### Entries supplied:
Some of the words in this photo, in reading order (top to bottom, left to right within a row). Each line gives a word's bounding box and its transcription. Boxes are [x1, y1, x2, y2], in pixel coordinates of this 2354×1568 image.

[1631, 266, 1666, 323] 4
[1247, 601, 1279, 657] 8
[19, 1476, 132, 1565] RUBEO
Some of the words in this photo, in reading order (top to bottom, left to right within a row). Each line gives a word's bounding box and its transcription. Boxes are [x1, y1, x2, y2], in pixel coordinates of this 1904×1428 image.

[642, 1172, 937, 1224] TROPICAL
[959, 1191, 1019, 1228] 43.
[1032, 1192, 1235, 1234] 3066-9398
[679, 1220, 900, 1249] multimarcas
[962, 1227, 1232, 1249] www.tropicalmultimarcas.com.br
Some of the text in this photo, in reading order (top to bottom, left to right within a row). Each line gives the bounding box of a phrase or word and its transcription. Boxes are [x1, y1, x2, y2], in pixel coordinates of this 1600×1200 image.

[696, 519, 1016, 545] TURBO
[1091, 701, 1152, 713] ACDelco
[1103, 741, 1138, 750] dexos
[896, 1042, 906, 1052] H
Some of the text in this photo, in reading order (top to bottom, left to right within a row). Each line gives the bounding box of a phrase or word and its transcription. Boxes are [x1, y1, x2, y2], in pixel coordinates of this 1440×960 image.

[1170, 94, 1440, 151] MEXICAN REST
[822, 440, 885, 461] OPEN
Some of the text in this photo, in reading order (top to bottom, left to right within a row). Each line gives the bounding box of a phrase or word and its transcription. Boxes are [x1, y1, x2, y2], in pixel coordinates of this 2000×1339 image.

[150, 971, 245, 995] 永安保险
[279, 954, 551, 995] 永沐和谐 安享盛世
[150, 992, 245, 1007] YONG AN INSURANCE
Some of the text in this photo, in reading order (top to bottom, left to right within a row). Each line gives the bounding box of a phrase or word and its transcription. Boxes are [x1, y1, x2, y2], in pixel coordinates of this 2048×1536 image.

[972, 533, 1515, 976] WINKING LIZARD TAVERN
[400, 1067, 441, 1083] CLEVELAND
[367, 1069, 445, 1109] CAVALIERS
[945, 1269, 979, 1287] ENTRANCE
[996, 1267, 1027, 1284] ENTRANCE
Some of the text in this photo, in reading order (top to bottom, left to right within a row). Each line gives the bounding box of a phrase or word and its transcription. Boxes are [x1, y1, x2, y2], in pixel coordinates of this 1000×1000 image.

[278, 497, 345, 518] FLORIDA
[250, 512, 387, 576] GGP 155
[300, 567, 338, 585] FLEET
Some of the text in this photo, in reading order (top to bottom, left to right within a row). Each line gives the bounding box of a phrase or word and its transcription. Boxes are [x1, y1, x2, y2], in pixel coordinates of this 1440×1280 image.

### What is being asked:
Repeat the entire listing above without changing a word.

### Response below:
Some of the words in this photo, in reading order (top to bottom, left to right within a row). Each line gives a word's bounding box and its transcription. Boxes are [x1, y1, x2, y2], in pixel coordinates of this 2354×1568 image.

[1631, 266, 1666, 323] 4
[1247, 601, 1279, 657] 8
[19, 1476, 132, 1565] RUBEO
Some of the words in this photo, in reading order (top to bottom, left to right within a row). Each line gives a word's bounding box and its transcription. Boxes are [x1, y1, x2, y2], in pixel coordinates of this 1904×1428 image.

[642, 1172, 937, 1224] TROPICAL
[959, 1191, 1019, 1228] 43.
[1032, 1192, 1235, 1234] 3066-9398
[679, 1220, 900, 1249] multimarcas
[962, 1227, 1232, 1249] www.tropicalmultimarcas.com.br
Some of the text in this photo, in reading order (top to bottom, left to right within a row). Each line gives the bounding box of a phrase or word and its transcription. Boxes are [x1, y1, x2, y2], in pixel coordinates of this 1600×1200 image.

[696, 519, 1016, 545] TURBO
[1091, 701, 1152, 713] ACDelco
[1103, 741, 1138, 750] dexos
[896, 1042, 906, 1052] H
Some of the text in this photo, in reading order (top to bottom, left to right within a row). Each line gives the bounding box of a phrase or word and its transcription. Boxes are [x1, y1, x2, y2], in pixel coordinates of this 1440×960 image.

[1170, 94, 1440, 151] MEXICAN REST
[822, 440, 885, 461] OPEN
Some of the text in this photo, in reading order (top to bottom, left to right within a row). Each line gives the bounding box of a phrase or word and its transcription. Boxes are [x1, y1, x2, y2], in pixel coordinates of this 2000×1339 image.

[150, 971, 245, 995] 永安保险
[279, 954, 551, 995] 永沐和谐 安享盛世
[150, 992, 245, 1007] YONG AN INSURANCE
Some of the text in this photo, in reading order (top to bottom, left to right within a row). Each line gives the bounding box of a phrase or word and its transcription. Boxes are [x1, y1, x2, y2], in pixel coordinates of this 2048×1536 image.

[972, 533, 1515, 976] WINKING LIZARD TAVERN
[400, 1067, 441, 1083] CLEVELAND
[367, 1069, 445, 1109] CAVALIERS
[945, 1269, 979, 1287] ENTRANCE
[996, 1267, 1027, 1284] ENTRANCE
Some of the text in this photo, in reading order (top to bottom, left to right within a row). Each line gives the bounding box of a phrase or word and its transcription. Boxes are [x1, y1, x2, y2], in pixel coordinates of this 1000×1000 image.

[278, 497, 345, 518] FLORIDA
[250, 512, 387, 576] GGP 155
[300, 567, 338, 585] FLEET
Some of the text in this photo, in reading order (top to bottom, left to right within a row). Each line gives the bounding box of a phrase or word and its transcription. Boxes are [x1, y1, x2, y2], in pixel coordinates of this 1440×1280 image.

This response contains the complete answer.